Years of ocular migraines solved by stretching my neck. Seriously.

On a hot day in 2013, I got my first ocular migraine after sprinting to work from the subway. I was sitting at my desk when patches of my vision started flickering and I couldn't make sense of words on my screen. An eye doctor found nothing wrong, and sure enough it faded on its own after a few hours.

After that, they'd come back a few times a year, almost always after exercise — thankfully no headaches, just vision loss. In the worst cases I also lost the ability to speak and understand what people were saying to me. Super scary stuff, but it always resolved on its own.

Over the years I tried everything: hydrating more, electrolytes, better sleep, monitoring heart rate, eating more carbs. I saw my doctor, then two neurologists. All said it was migraines, nothing to be done. Eventually I just cut back on exercise, which made me feel worse over time.

This year I decided to try ice hockey — something I loved as a kid and gave up in high school. It was incredible! Until the migraines started coming after every single session, sometimes twice a week. I was really worried I'd have to stop.

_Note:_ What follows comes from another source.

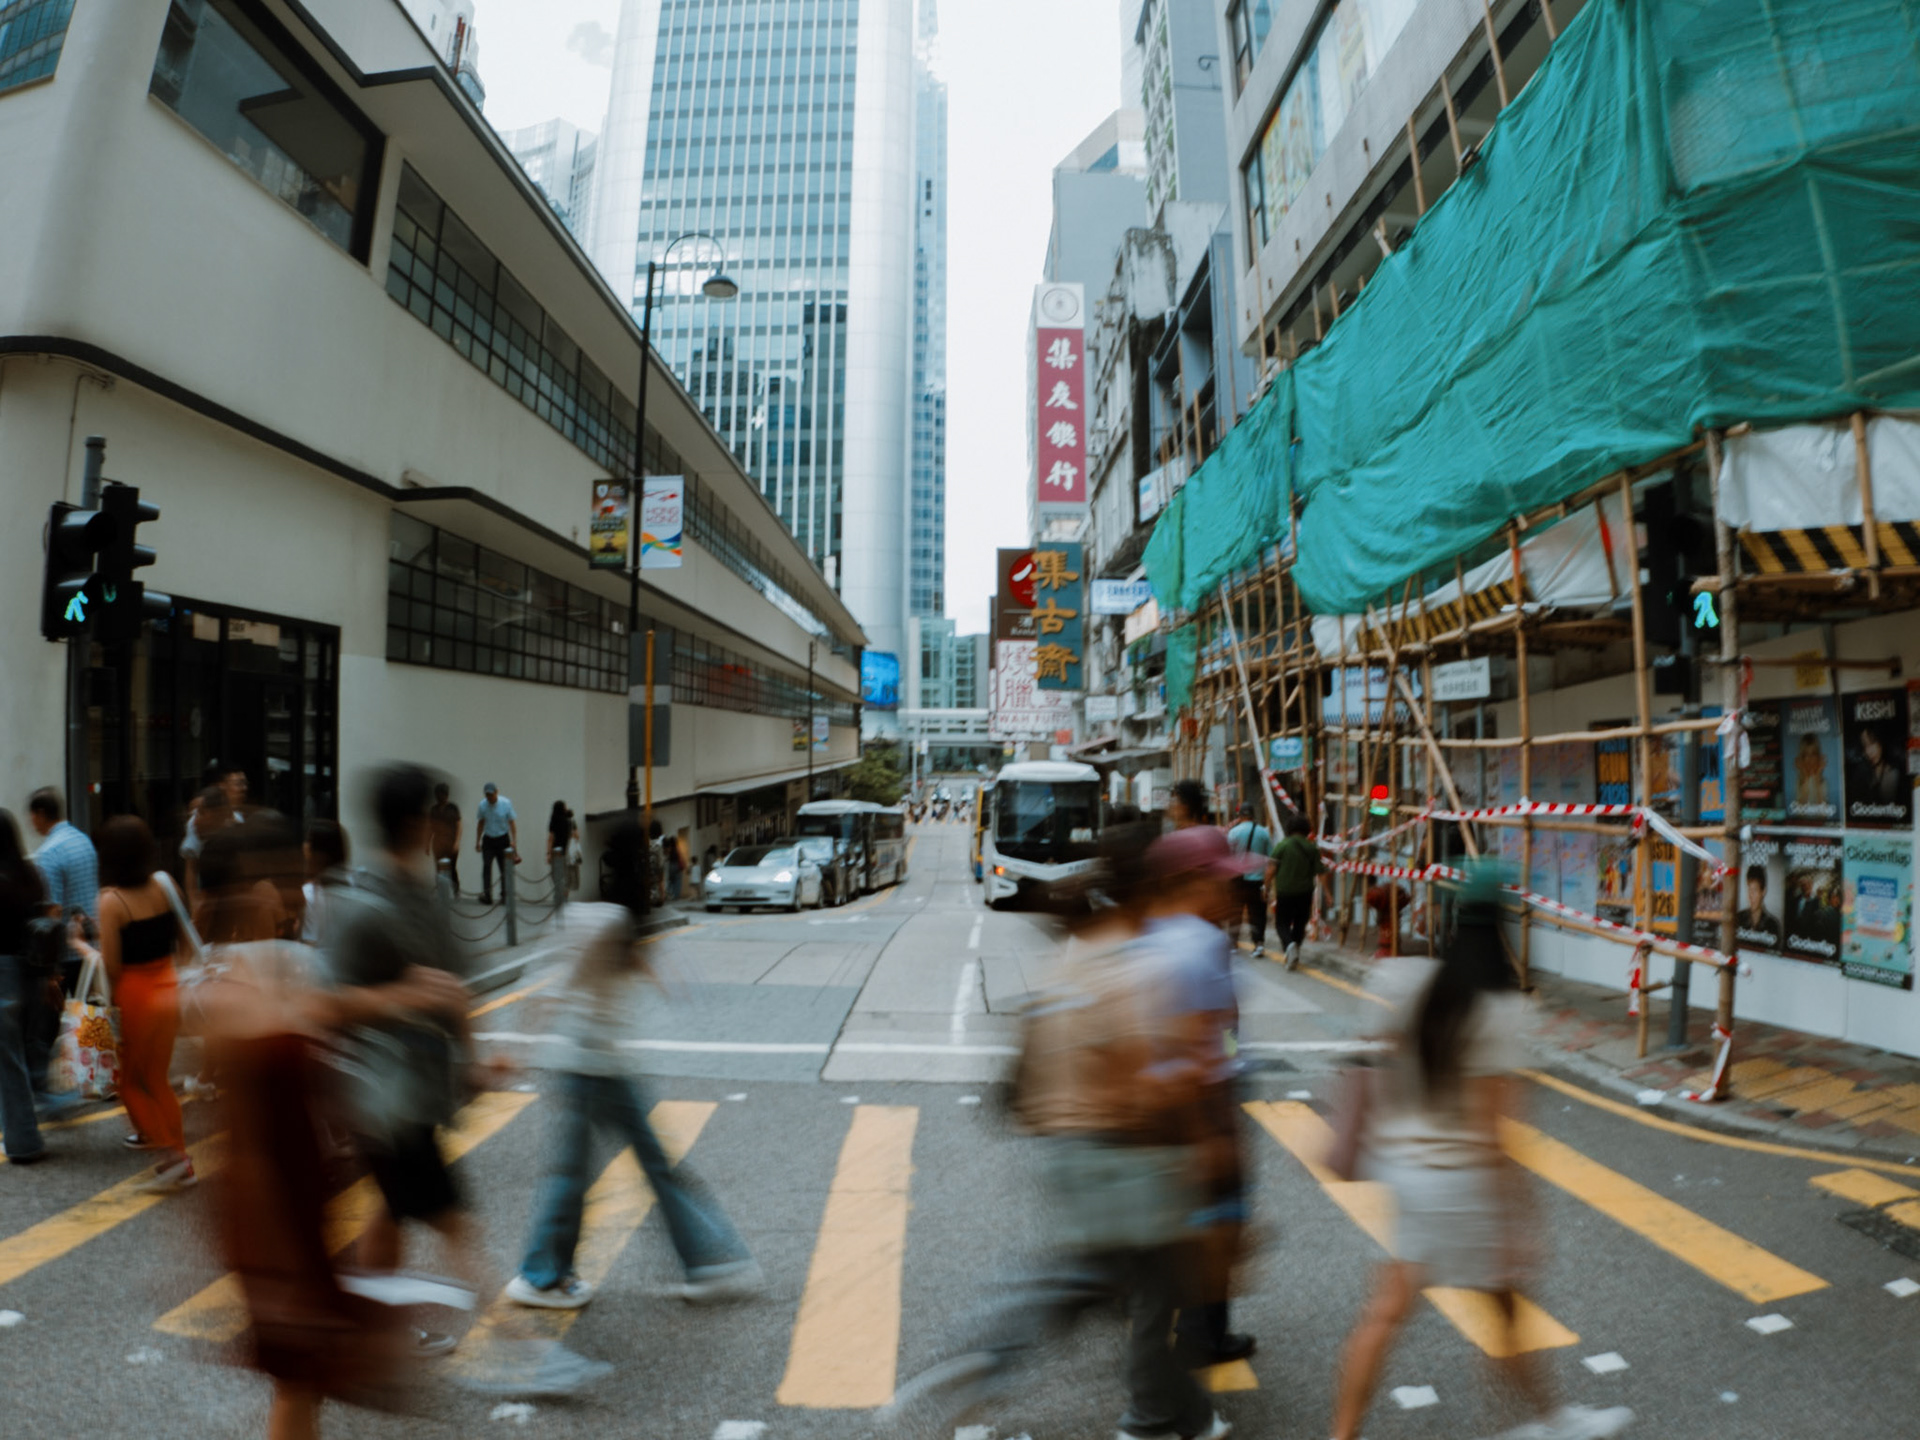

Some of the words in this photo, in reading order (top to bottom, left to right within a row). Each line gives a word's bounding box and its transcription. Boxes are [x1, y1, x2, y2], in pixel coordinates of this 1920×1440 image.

[1044, 336, 1078, 492] 集友銀行
[1855, 699, 1896, 722] KESHI
[1847, 845, 1912, 867] Clockenflap

Then my partner sent me for a massage. The therapist immediately flagged how tight my upper back, shoulders, and neck were, and recommended I stretch and roll those muscles regularly. A few days later I came home from hockey with a migraine starting — and noticed my neck was particularly tight. I started gently stretching: pulling my head toward each shoulder, shoulder rolls, slow head circles.

The migraine stopped. Completely. Within 15 minutes my vision was back. I was shocked!

Since then I've been stretching my neck daily, with extra attention before hockey. After 5-6 sessions that used to guarantee a migraine, I've had zero. ZERO!

I'm sure this won't work for everyone, but the risk is nil and it might just work for you.

Good luck out there!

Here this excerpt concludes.